DistylAI · yenchia-distyl · Dec 11, 2025
diff --git a/docs/debugging/how-to-prototype-llm-based-rewrites-of-scraped-documentation.md b/docs/debugging/how-to-prototype-llm-based-rewrites-of-scraped-documentation.md
@@ -0,0 +1,163 @@
+# How to Prototype LLM-Based Rewrites of Scraped Documentation for Token Reduction
+
+## Overview
+
+This guide describes a proposed approach for reducing token usage by rewriting scraped documentation with a Large Language Model (LLM) before inserting it into MongoDB. It also outlines key concerns about information distortion, collaboration with OpenAI on preprocessing, and how to share relevant examples.
+
+## Prerequisites
+
+- Access to:
+  - The MongoDB instance where scraped documentation is stored.

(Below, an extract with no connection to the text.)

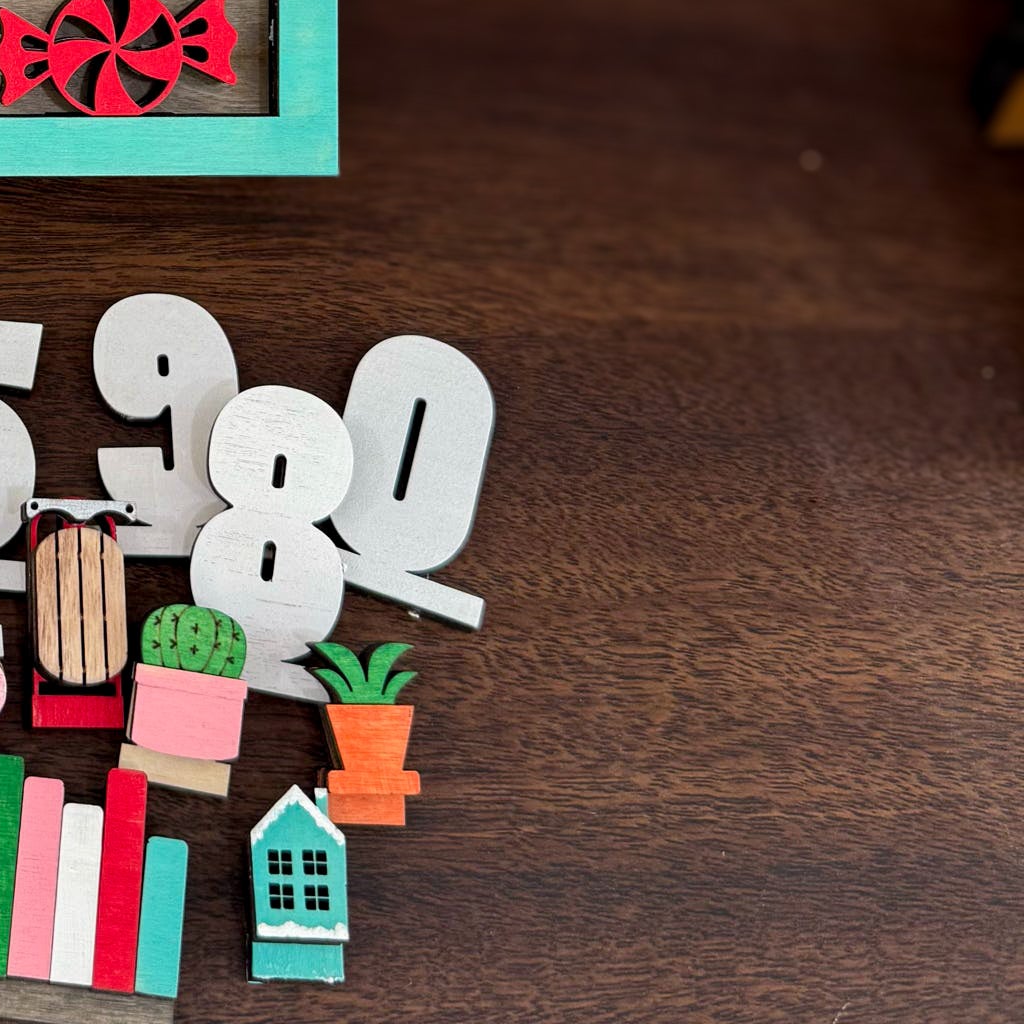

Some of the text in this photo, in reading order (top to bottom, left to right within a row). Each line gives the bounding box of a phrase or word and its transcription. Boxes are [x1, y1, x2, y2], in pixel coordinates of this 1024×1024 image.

[93, 293, 239, 528] 9
[190, 385, 354, 666] 8
[329, 335, 496, 573] 0

+  - The Distyl application environment (e.g., `https://distillery.distyl.dev/app/stage/tower/...`).
+  - Linear issues (e.g., `TOW-216`) and Coffey traces, if needed for examples.
+- Ability to:
+  - Run or modify preprocessing pipelines for scraped documentation.

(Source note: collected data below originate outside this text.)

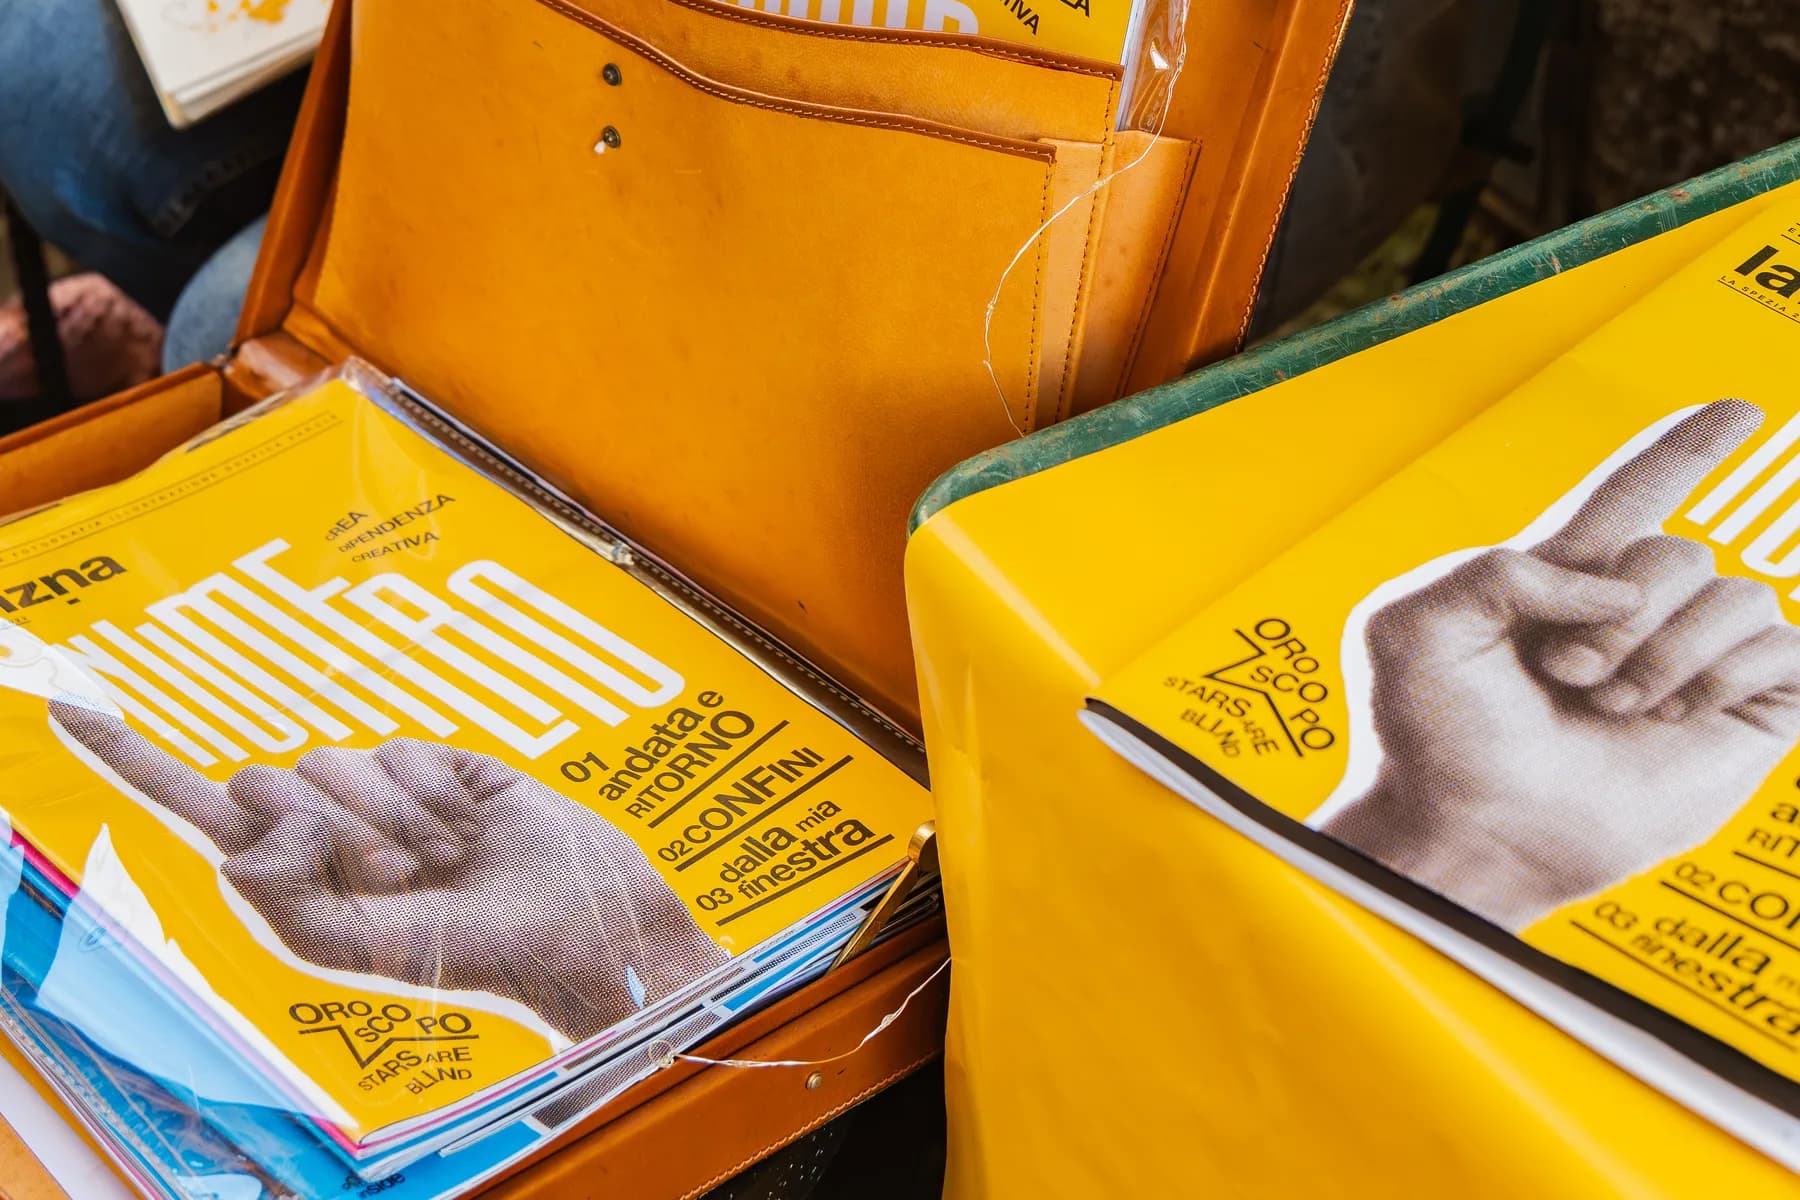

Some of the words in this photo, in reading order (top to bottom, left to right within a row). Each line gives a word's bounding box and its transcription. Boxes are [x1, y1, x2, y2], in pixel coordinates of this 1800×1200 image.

[1720, 275, 1736, 286] LA
[1741, 286, 1787, 312] SPEZIA
[325, 511, 369, 542] CREA
[338, 493, 456, 553] DIPENDENZA
[351, 531, 440, 563] CREATIVA
[1163, 676, 1251, 718] STARS
[597, 704, 702, 802] andata
[697, 689, 724, 709] e
[1180, 709, 1241, 758] BLIND
[560, 751, 610, 784] 01
[625, 710, 755, 819] RITORNO
[719, 825, 796, 884] dalla
[795, 800, 842, 833] mia
[738, 819, 876, 900] finestra
[696, 887, 734, 912] 03
[1654, 916, 1772, 975] dalla
[358, 1050, 423, 1091] STARS
[425, 1046, 472, 1063] ARE
[405, 1067, 473, 1095] BLIND

+  - Call the `o3-high` LLM model (or equivalent) from your environment.
+- Understanding of:
+  - How current “general lookup” and chunking of documents work.
+  - Basic concerns around hallucinations and information distortion in LLM outputs.
+
+> Note: The exact implementation details of the scraping pipeline, MongoDB schema, and LLM invocation are not specified in the original discussion and will need to be clarified before implementation.
+
+## Proposed Workflow
+
+### 1. Identify the Problem
+
+1. A user query such as “Where is my order?” currently:
+   - Routes to a general lookup flow.
+   - Retrieves document chunks that contain “all kinds of junk” (irrelevant or noisy content).
+2. This leads to:
+   - Higher token usage.
+   - Potentially lower answer quality due to noisy context.
+
+### 2. Define the LLM Rewrite Objective
+
+Before implementing, clarify the goals of the rewrite step:
+
+- **Primary goals**
+  - Remove irrelevant or low-value content (“junk”) from scraped documentation.
+  - Normalize and compress text to reduce token count.
+- **Constraints**
+  - Preserve factual accuracy and critical details.
+  - Avoid introducing hallucinations or changing the meaning of the source documentation.
+
+### 3. Insert an LLM Rewrite Step Before MongoDB Ingestion
+
+1. **Locate the ingestion pipeline**  
+   Identify where scraped documents are currently processed and inserted into MongoDB.
+
+2. **Add a preprocessing stage using an LLM (e.g., `o3-high`)**  
+   For each scraped document:
+   - Send the raw text to the LLM with instructions such as:
+     - Summarize and normalize the content.
+     - Remove navigation, boilerplate, and irrelevant sections.
+     - Preserve all user-impacting details (e.g., order status logic, error conditions, policy details).
+   - Receive the rewritten text and store that version in MongoDB instead of (or alongside) the raw text.
+
+3. **Use a looping question–answer (QA) verification step (if available)**  
+   - Apply an internal QA loop (not customer-facing) to:
+     - Compare the original and rewritten versions.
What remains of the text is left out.